(Dataset records)

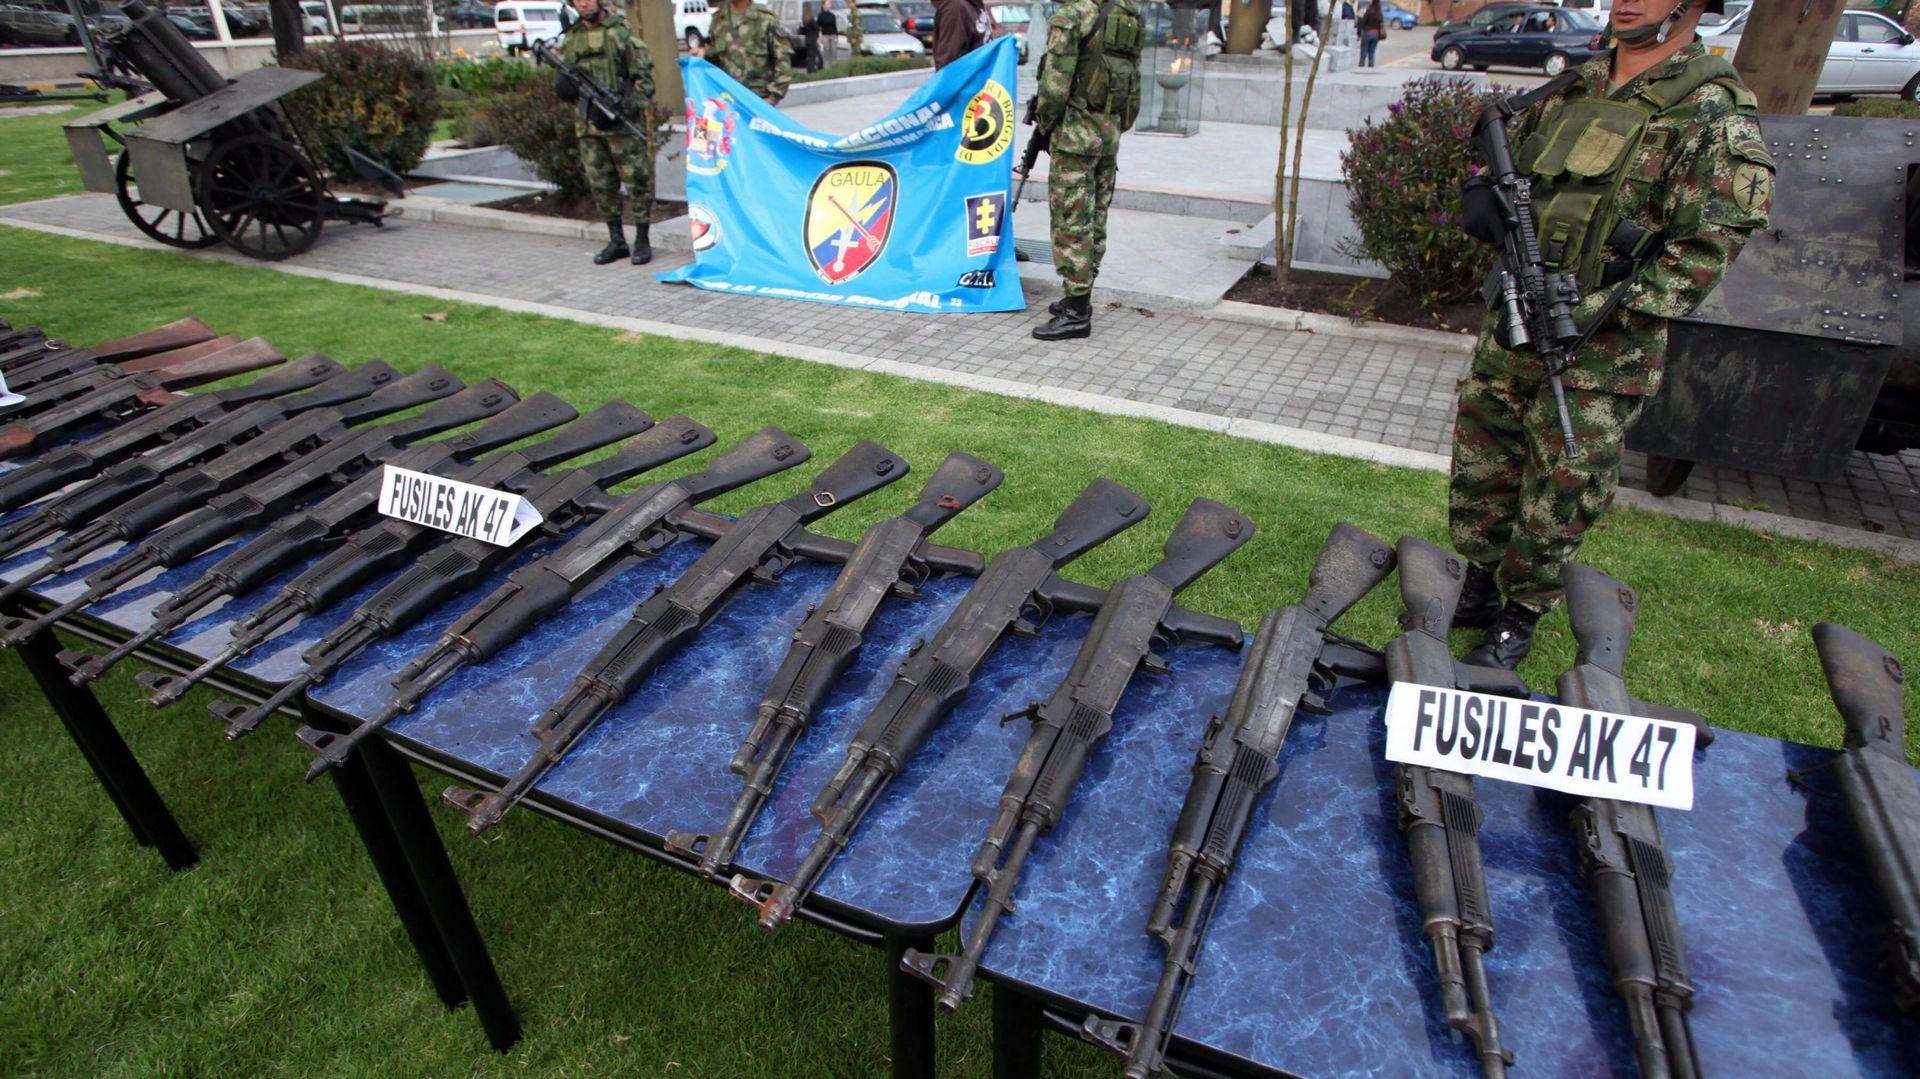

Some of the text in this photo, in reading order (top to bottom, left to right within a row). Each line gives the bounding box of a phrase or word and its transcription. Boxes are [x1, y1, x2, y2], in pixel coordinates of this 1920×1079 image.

[831, 171, 884, 187] GAULA
[390, 474, 509, 542] FUSILES AK 47
[1413, 689, 1677, 790] FUSILES AK 47
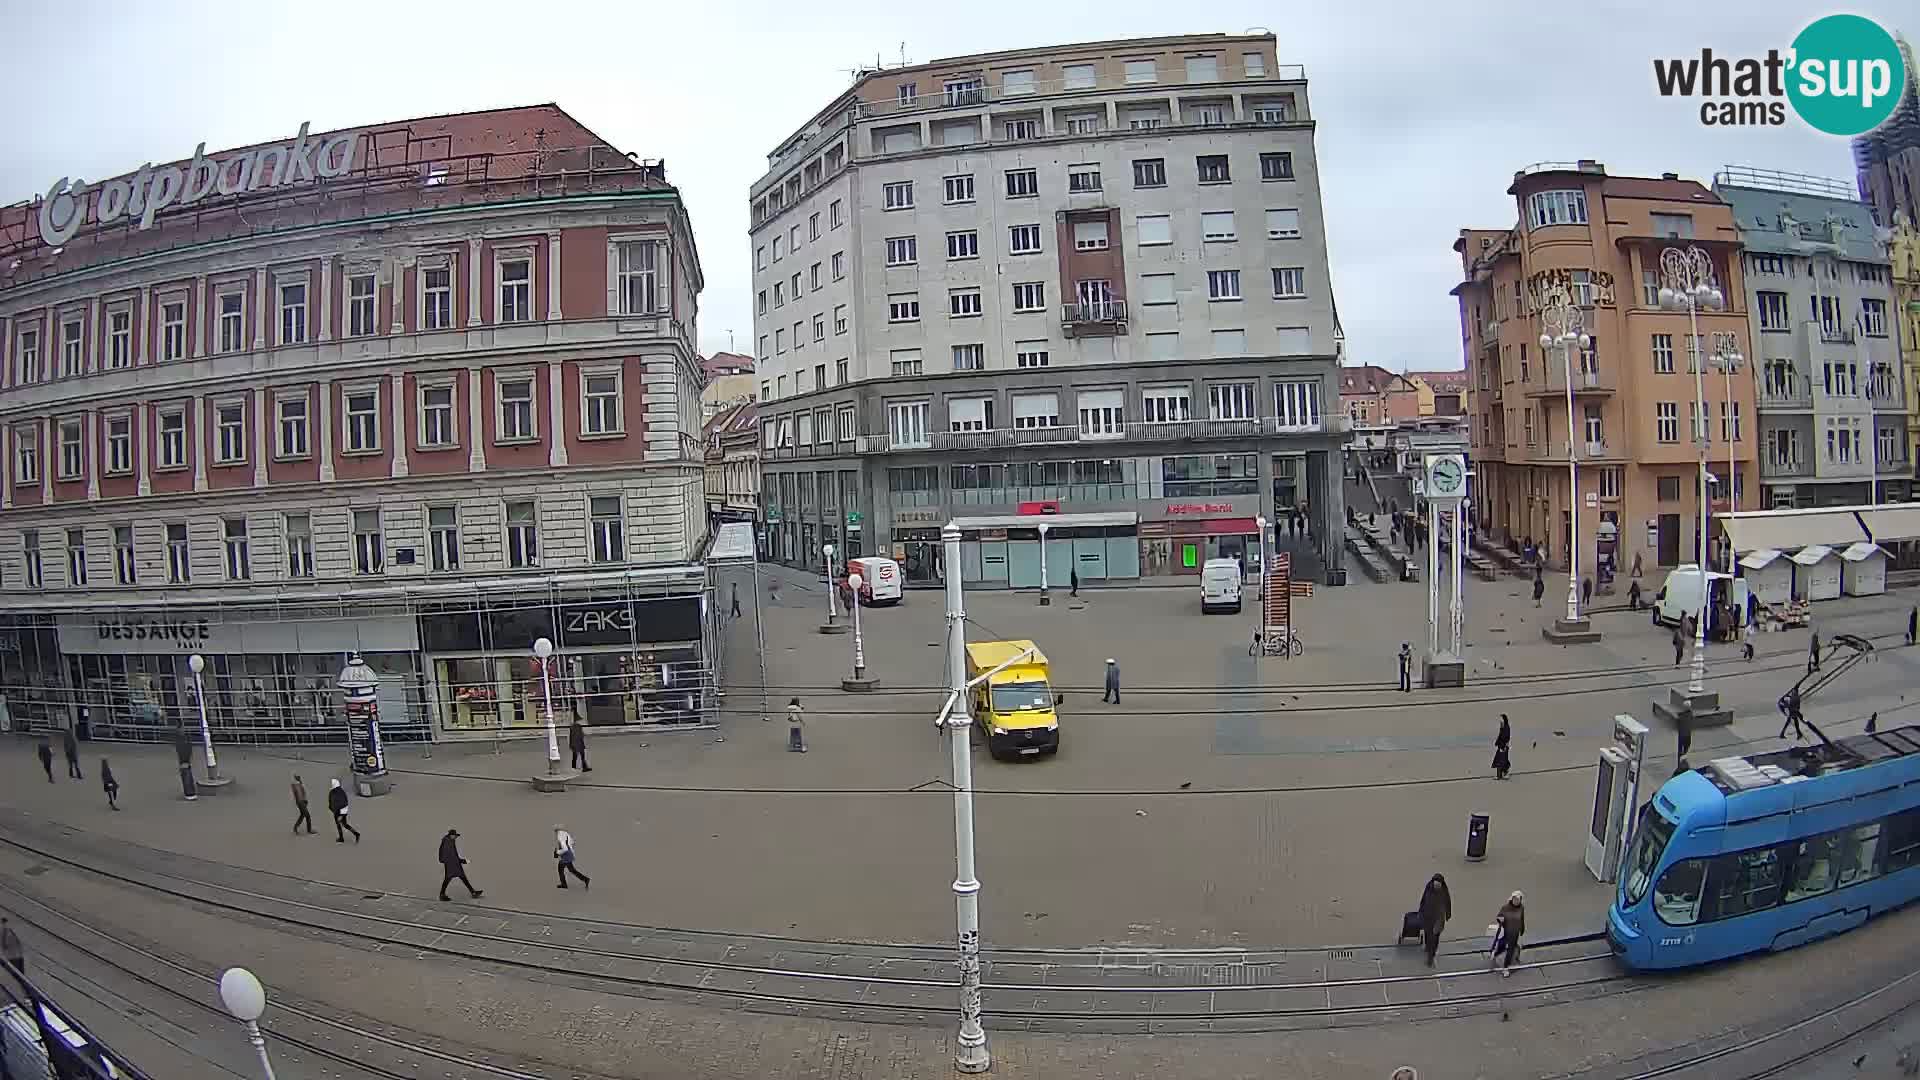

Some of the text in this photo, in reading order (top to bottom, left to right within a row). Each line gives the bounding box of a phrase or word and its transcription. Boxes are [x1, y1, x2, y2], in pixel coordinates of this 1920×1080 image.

[99, 120, 362, 230] otp banka
[98, 618, 209, 641] DESSANGE
[566, 609, 637, 632] ZAKS
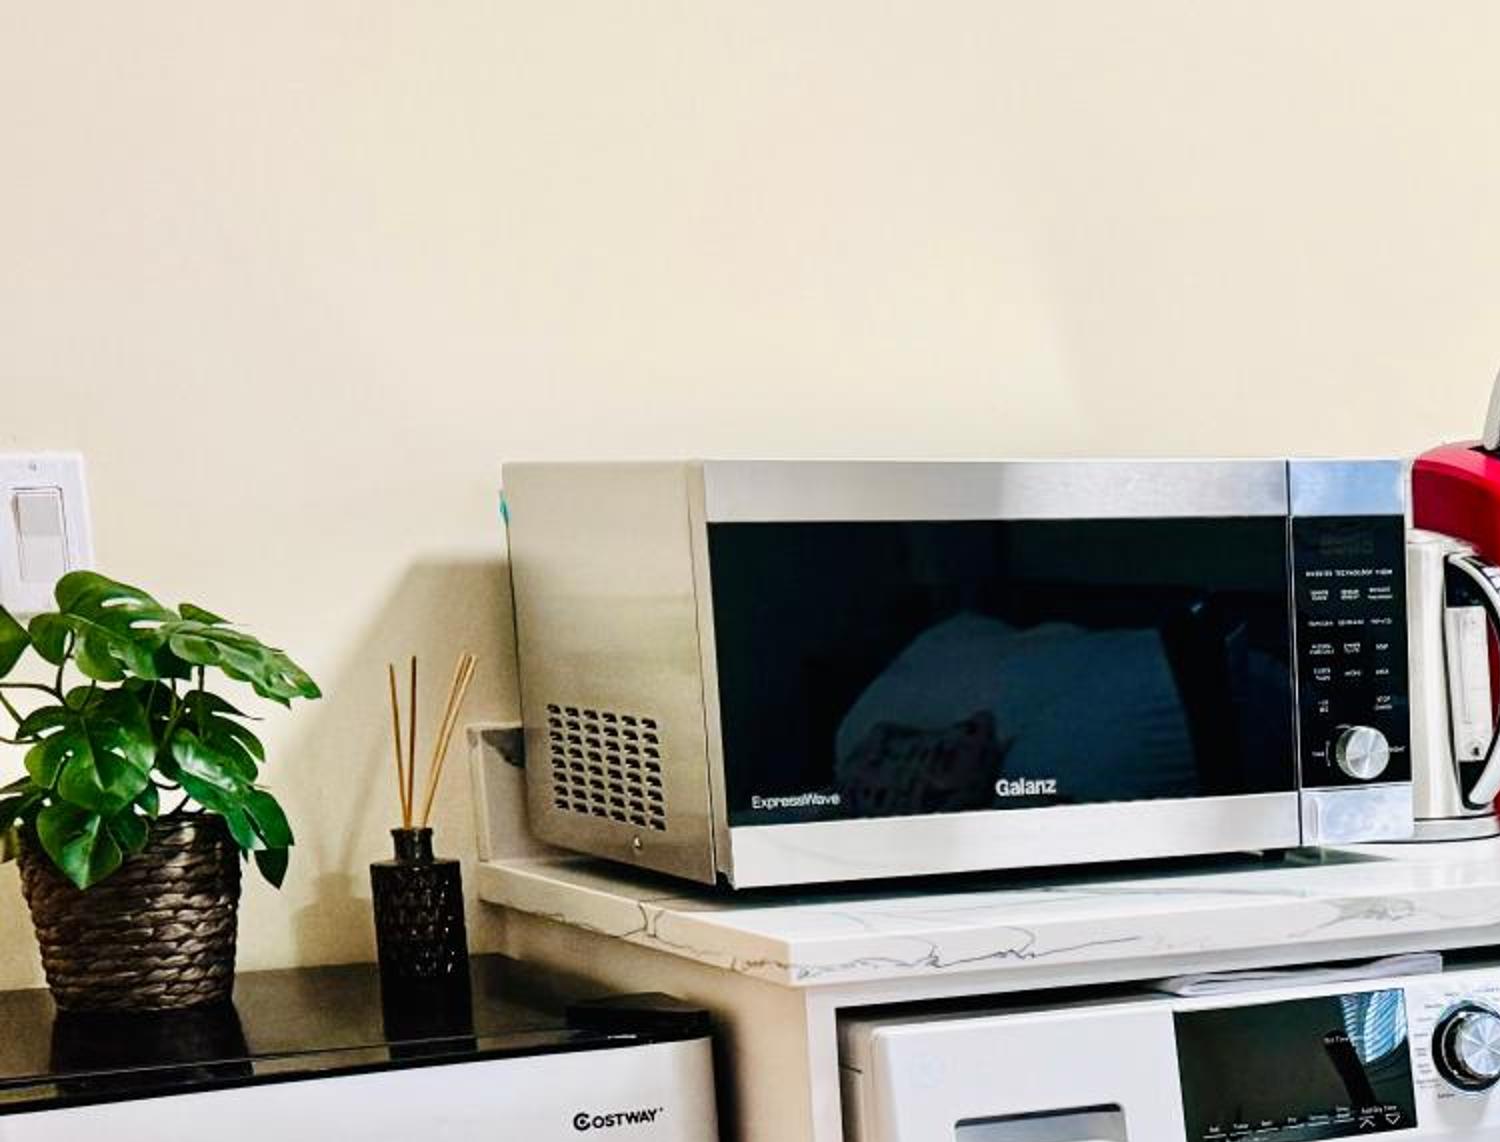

(End Dataset records)

## Task directions
Print each record as it appears above, dropping every picture from the copy.

## Result of this task
Some of the text in this photo, in reading order (top to bottom, left to right within a row). Each line gives the bounding box of a phrase or word and its transcription. Boxes are [x1, y1, x2, y2], in pixel coordinates of this 1920×1079 image.

[831, 171, 884, 187] GAULA
[390, 474, 509, 542] FUSILES AK 47
[1413, 689, 1677, 790] FUSILES AK 47

Some of the text in this photo, in reading order (top to bottom, left to right within a row). Each line gives the bounding box of a phrase or word and its transcription. Boxes are [x1, y1, x2, y2], in pixel coordinates of this 1920×1080 image.

[99, 120, 362, 230] otp banka
[98, 618, 209, 641] DESSANGE
[566, 609, 637, 632] ZAKS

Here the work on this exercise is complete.